The Tribunal then discussed with the applicant that the circumstances appeared to have changed considerably since there had been a change of government in Malaysia and sought to elicit further information from him concerning the problems he said had arisen as a consequence of illegal immigration. The Tribunal outlined its concern the applicant was either unresponsive or provided vague responses without corroborative material.
Ultimately, the Tribunal recorded it had considerable doubts about much of the evidence the applicant provided to the Tribunal, exacerbated by the fact he had been unresponsive to a number of questions, which related to core aspects of his claim. The Tribunal, due to these and other concerns, did not accept his claims as true. It did not accept the applicant held a genuine and well-founded fear of persecution in Malaysia now or in the reasonably foreseeable future for reason of any involvement with SSU-UK, his Christian beliefs, economic reasons, ethnic discrimination, any posting he may have or may not have made regarding the 1MDB scandal or for issues arising as a result of undocumented immigrants in Sabah. The Tribunal also did not accept that if the applicant returned to Malaysia he would face any real chance of being seriously harmed for any of those or any other reason and consequently found the applicant did not meet the requirements of the visa.
PROCEEDINGS IN THIS COURT
The application for the extension of time sets out that the applicant did not receive a written statement of the refusal decision. It also sets out the applicant sent an email requesting the reasons and there is reference to the Tribunal only replying to his email on 15 October 2018. Those grounds are principally directed at not receiving a written decision. The judicial review application sets out grounds in 22 paragraphs, but most of those set out the background to the Tribunal's decision and reiterate the applicant's claims for protection.
The latter part of those grounds set out matters which were the subject of some discussion during the hearing, including the applicant not being happy with the decision of the delegate, and the allegation that the way the Tribunal had treated his case was unfair and unreasonable. The applicant said no consideration was given to whether he would have an opportunity to lodge the onshore protection visa application once it was refused. He also claimed the Tribunal had not assessed his case against the criteria and that he had not received notification of the decision.
The affidavit filed by the applicant in support also reiterated some of those matters and principally, the relevant parts are paragraphs 10, 11, 13 and 16, which state as follows:
10. I took the documents to Federal Court to appeal, but being requested to get Written Statement of Decision and Reason for my Protection Visa application being refused. But the Administration Appeal Tribunal unable to provide me with the written statement because they said I did not request within 14 days of the oral statement given, which I believe it is the AAT office responsible to provide written statement of refusal without being asked.

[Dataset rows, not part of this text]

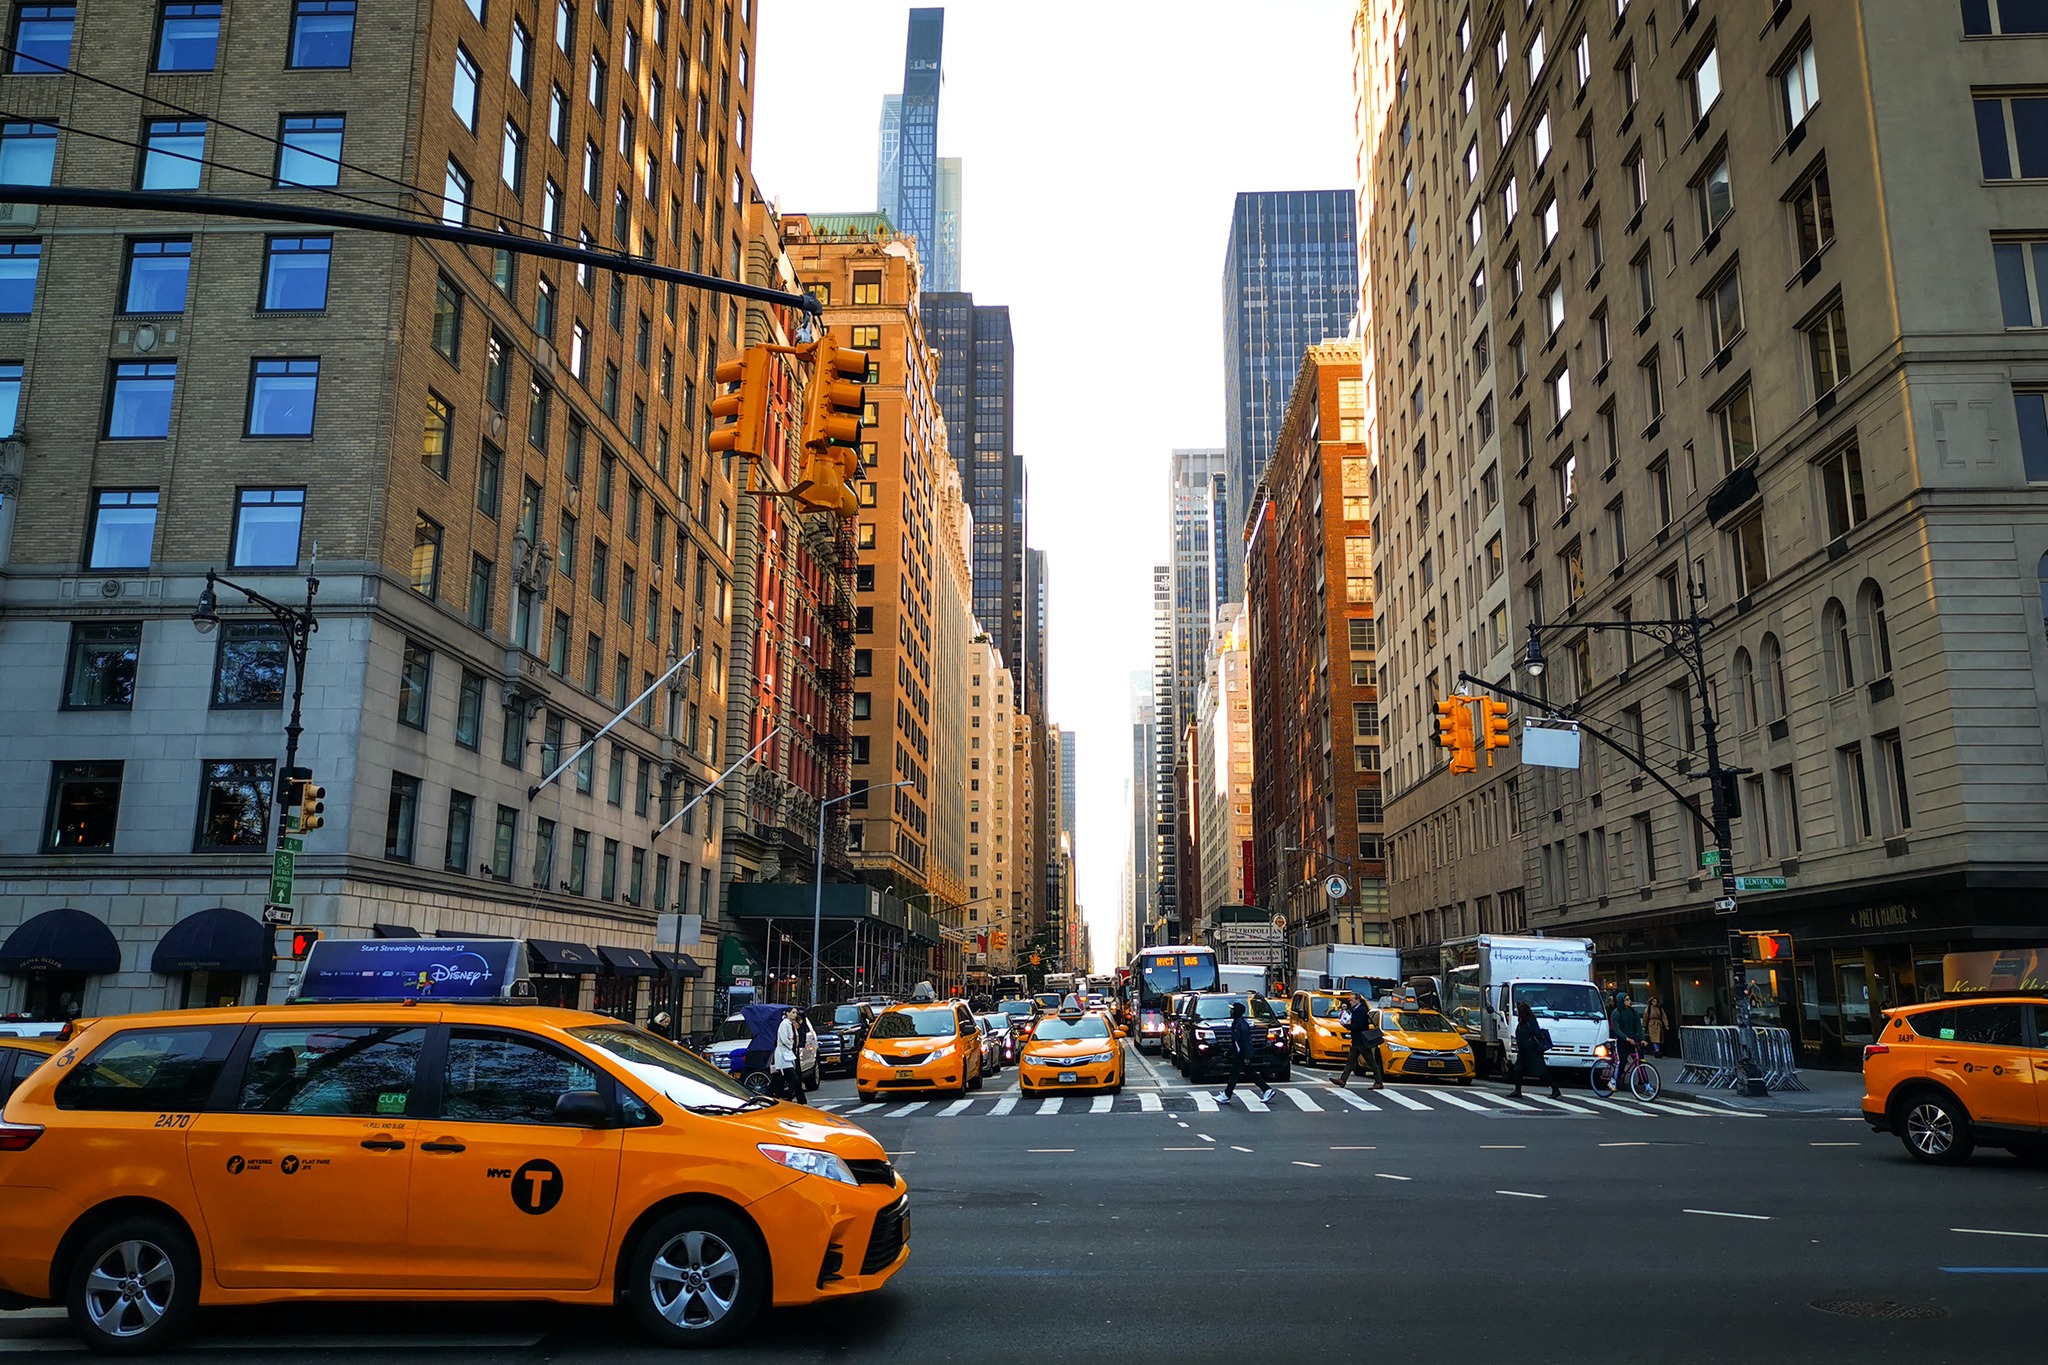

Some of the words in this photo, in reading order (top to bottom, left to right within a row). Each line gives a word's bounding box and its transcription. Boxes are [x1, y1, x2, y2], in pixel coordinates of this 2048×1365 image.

[1744, 878, 1770, 886] CENTRAL
[268, 910, 277, 919] ONE
[280, 911, 290, 920] WAY
[360, 944, 379, 952] Start
[380, 944, 416, 953] Streaming
[1156, 957, 1175, 967] NYCT
[1184, 956, 1199, 966] BUS
[430, 962, 493, 986] Disney+
[379, 1094, 407, 1103] curb
[154, 1114, 191, 1128] 2A70
[487, 1168, 512, 1179] NYC
[524, 1170, 553, 1208] T

11. I will request the court to intervene in this matter as I wasn’t happy with decision of delegate I have applied for the Review. Tribunal member has not assessed my case against the criterion.
…
13. I will do the submissions later stage once I hire the Solicitor for this case.
….
16. Therefore I believe Federal Circuit Court of Australia kindly would accept exceptional circumstances beyond my control to lodge the review application on my own as I do have financial hardship encompassed me to this situation where I could not hire solicitor. Therefore, I would request the Federal Circuit Court of Australia to accept my application without solicitors representation.

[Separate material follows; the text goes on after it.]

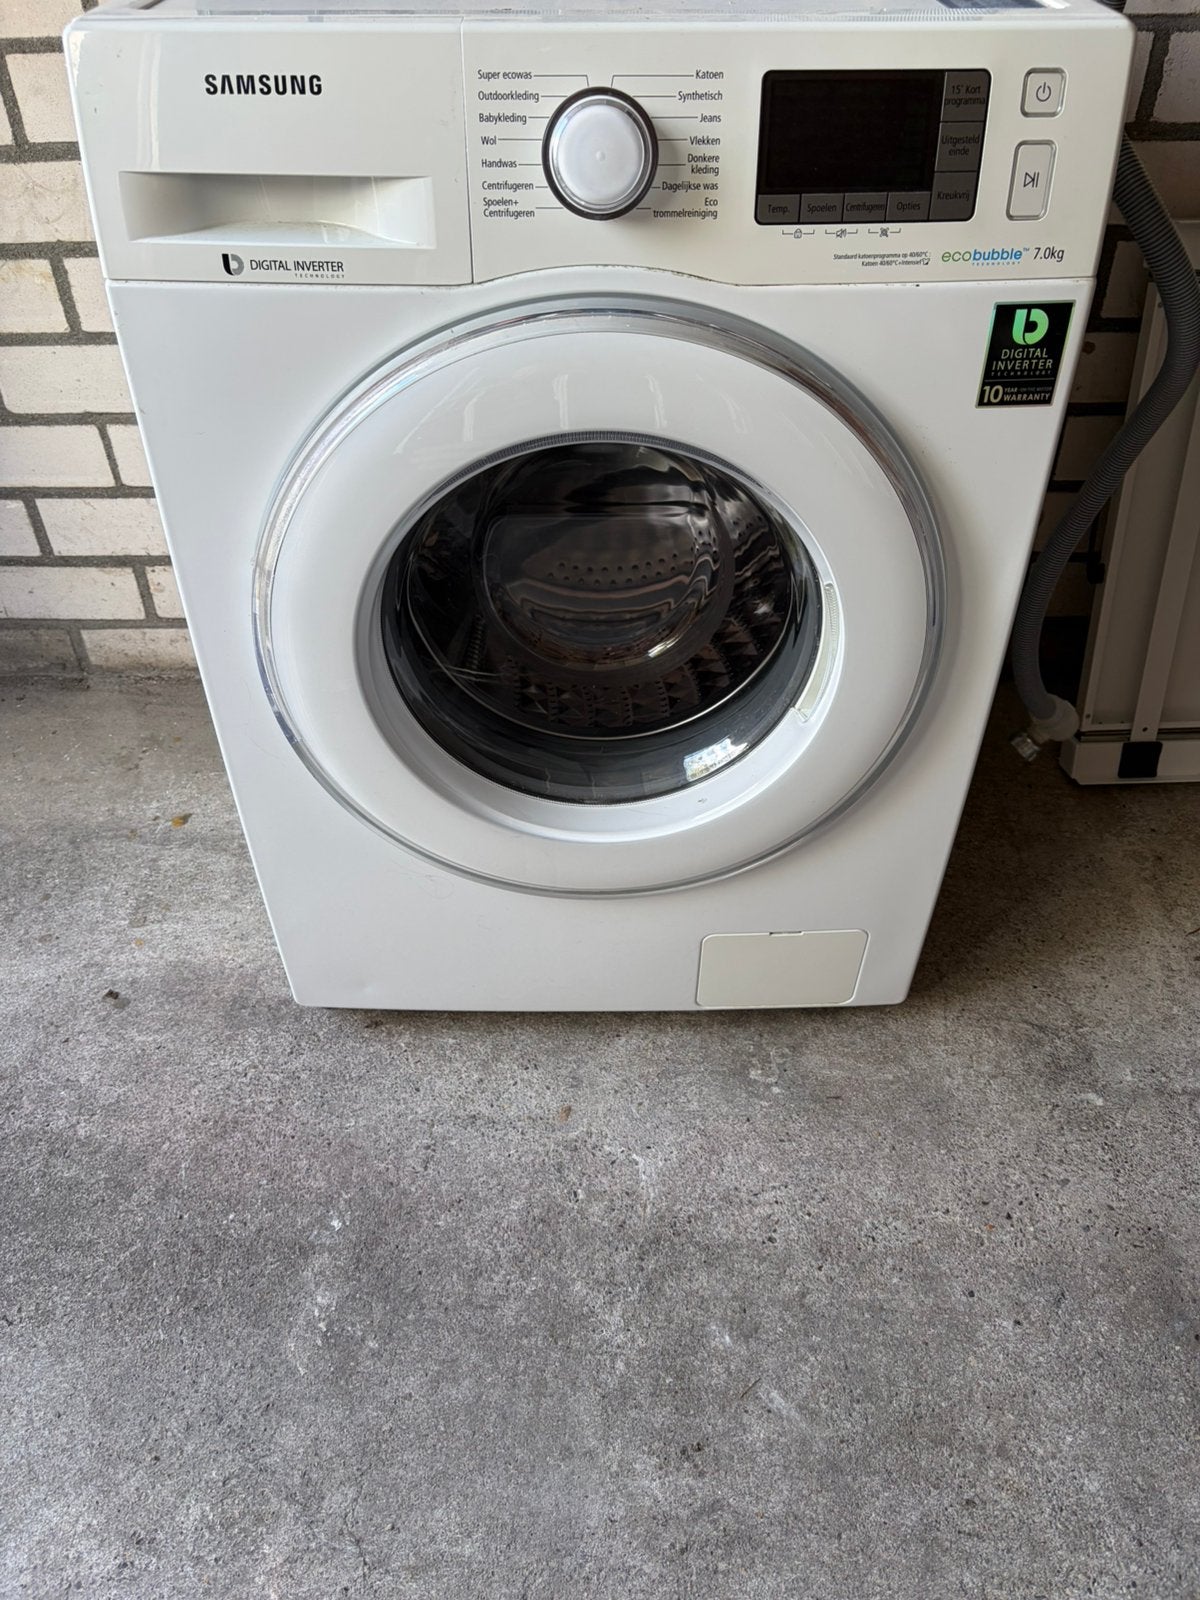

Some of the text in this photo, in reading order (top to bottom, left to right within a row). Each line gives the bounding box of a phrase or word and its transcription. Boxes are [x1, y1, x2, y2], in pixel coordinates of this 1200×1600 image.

On 22 June 2020, orders were made allowing the applicant an opportunity to file an amended application with particulars, further affidavits and written submissions, but nothing has been filed in accordance with those orders. I do have the Minister's outline of submissions. The court book was also tendered along with the applicant's affidavit and an affidavit filed by on behalf of the Minister on 2 December this year. During the hearing, the applicant was taken to those materials. I also spent some time explaining what matters I had to consider in relation to his extension of time application.

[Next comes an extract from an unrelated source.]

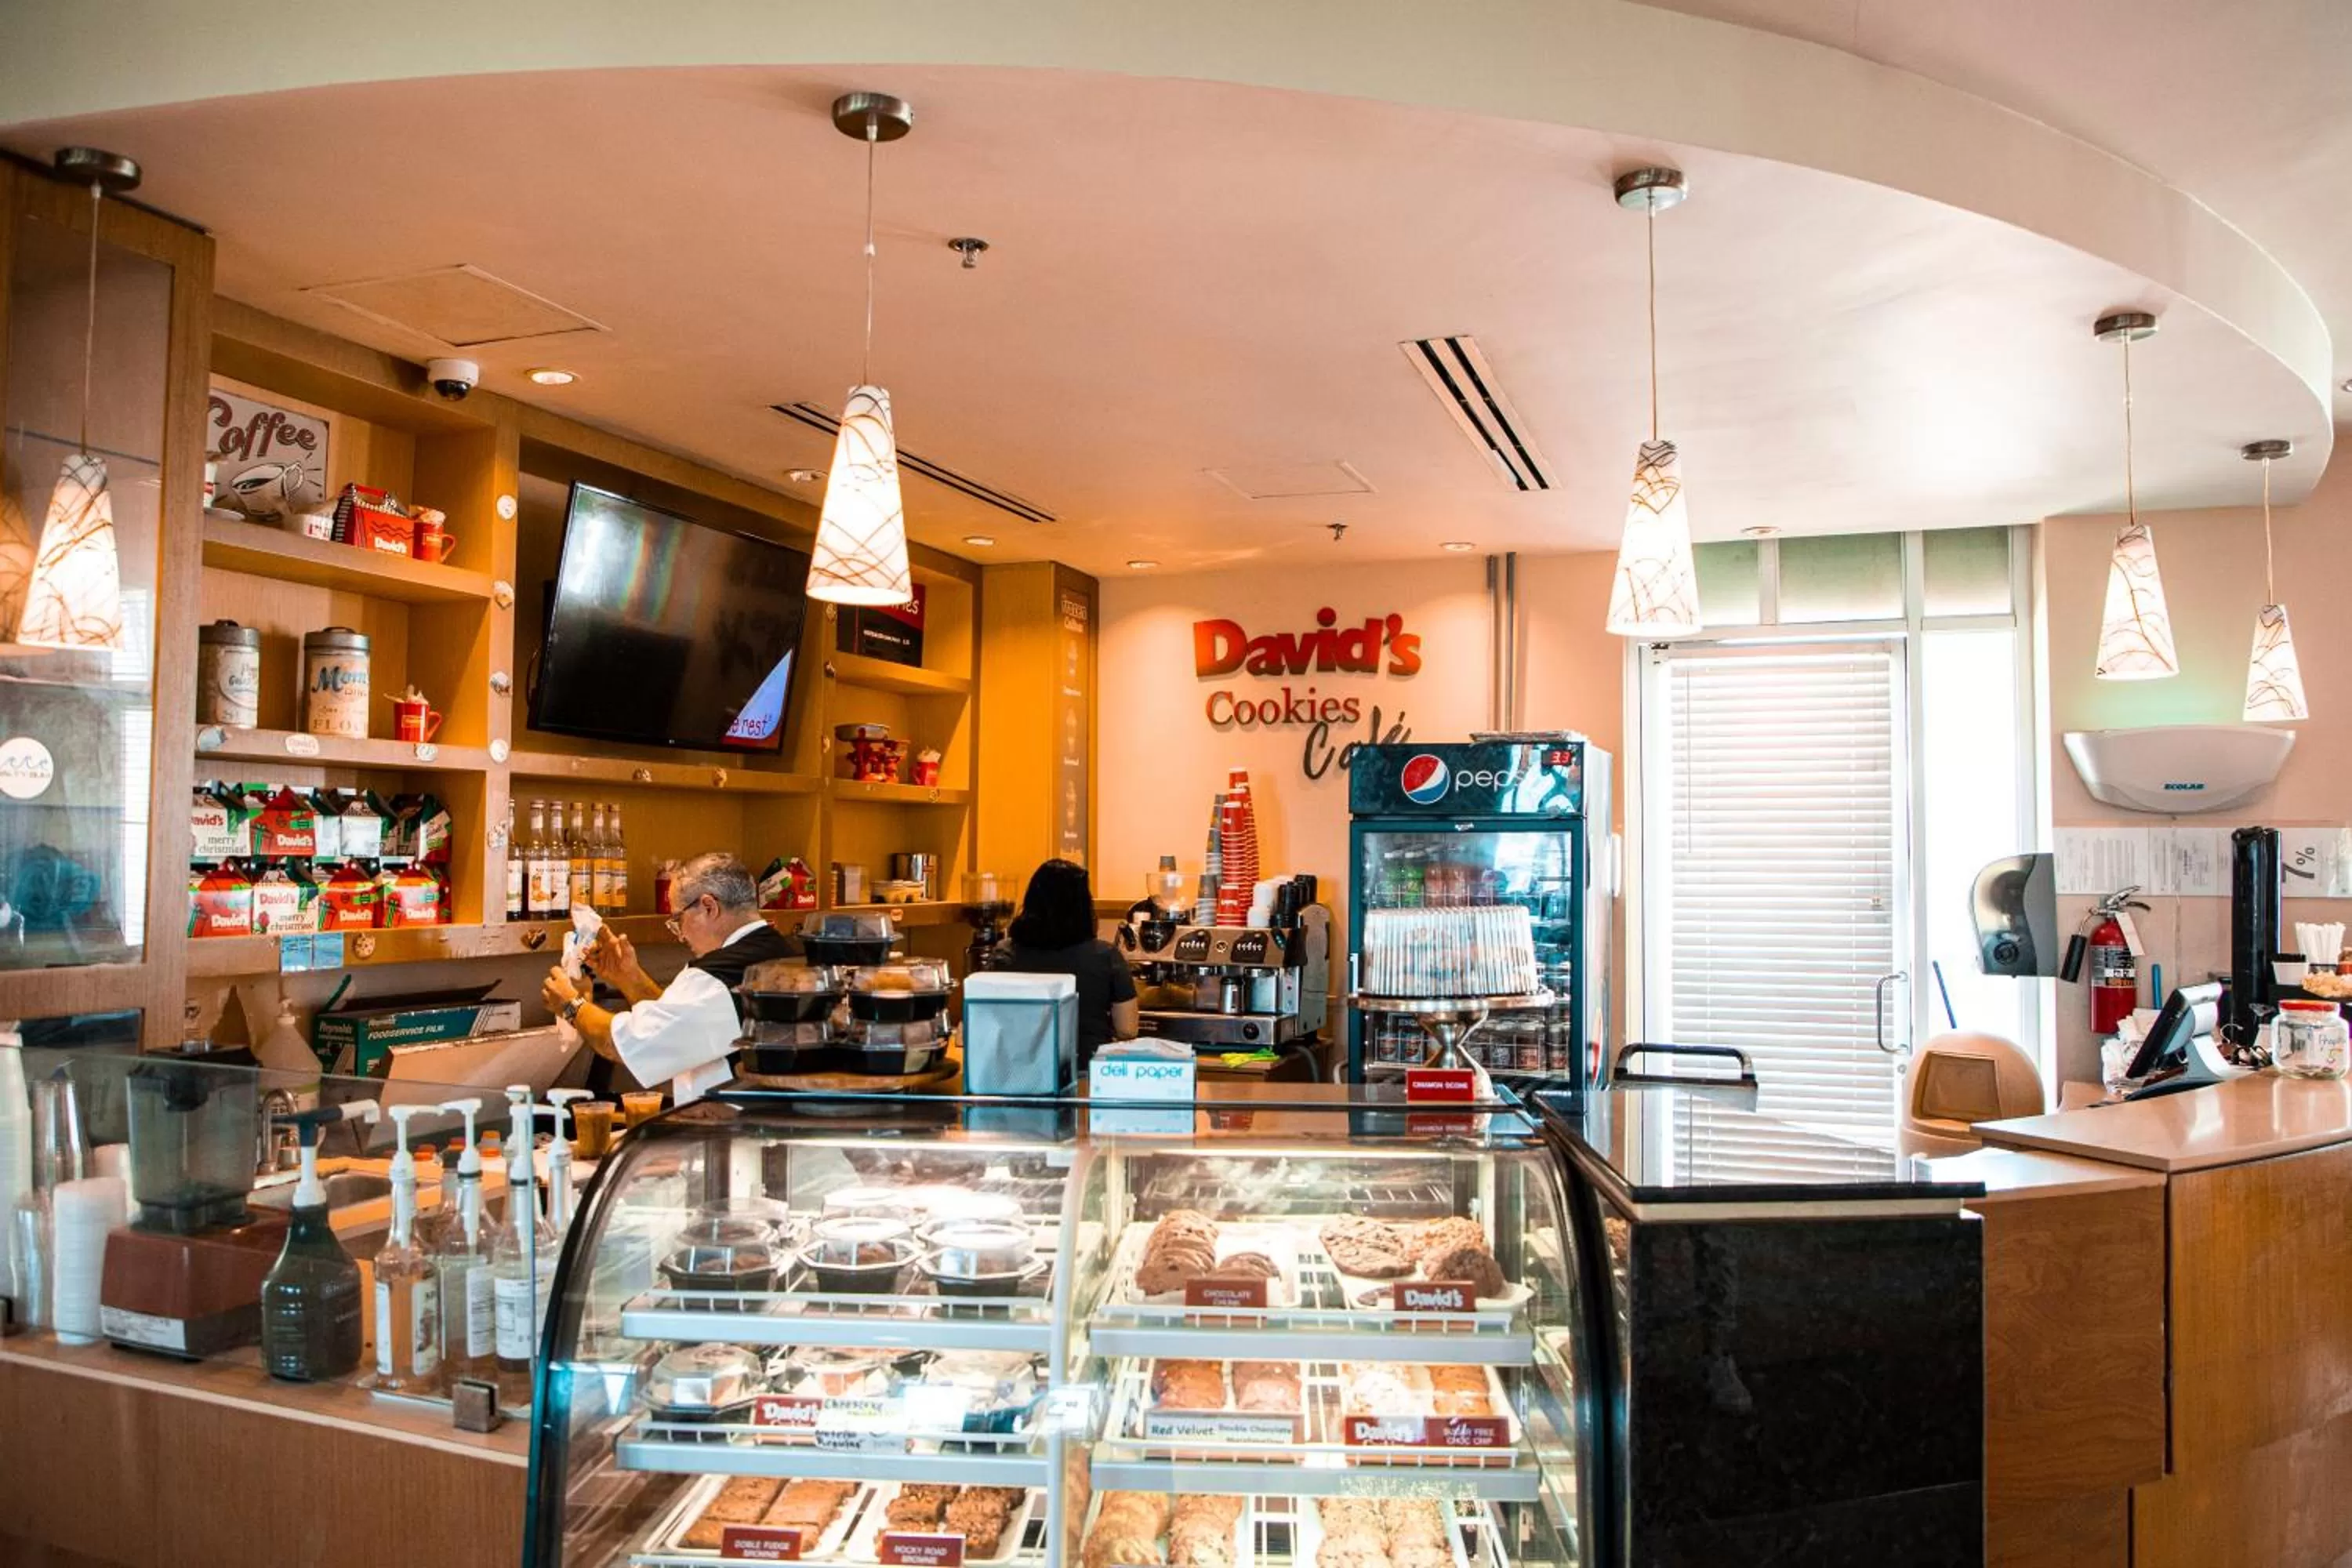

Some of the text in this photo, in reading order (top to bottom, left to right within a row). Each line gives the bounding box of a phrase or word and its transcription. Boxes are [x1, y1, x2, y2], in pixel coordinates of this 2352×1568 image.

I turn to the relevant matters. The first of those that I consider relevant to this application is the length of delay and the applicant's explanation. The application was filed 55 days after the Tribunal's decision, which is 20 days late. The Minister has now conceded that was a short delay, but says that the delay has not been properly explained. I note the applicant has said that the reason why his application was late is because he did not receive any notification or email saying that his visa had expired. We discussed, during the hearing, documents which showed that the Tribunal had sent the email providing the outcome of the decision to him on 24 August 2018 to the email address that he had provided to the Tribunal. I also pointed out the email he sent to the Tribunal on 15 October 2018 is replying to the email sent to by the Tribunal on 24 August 2018.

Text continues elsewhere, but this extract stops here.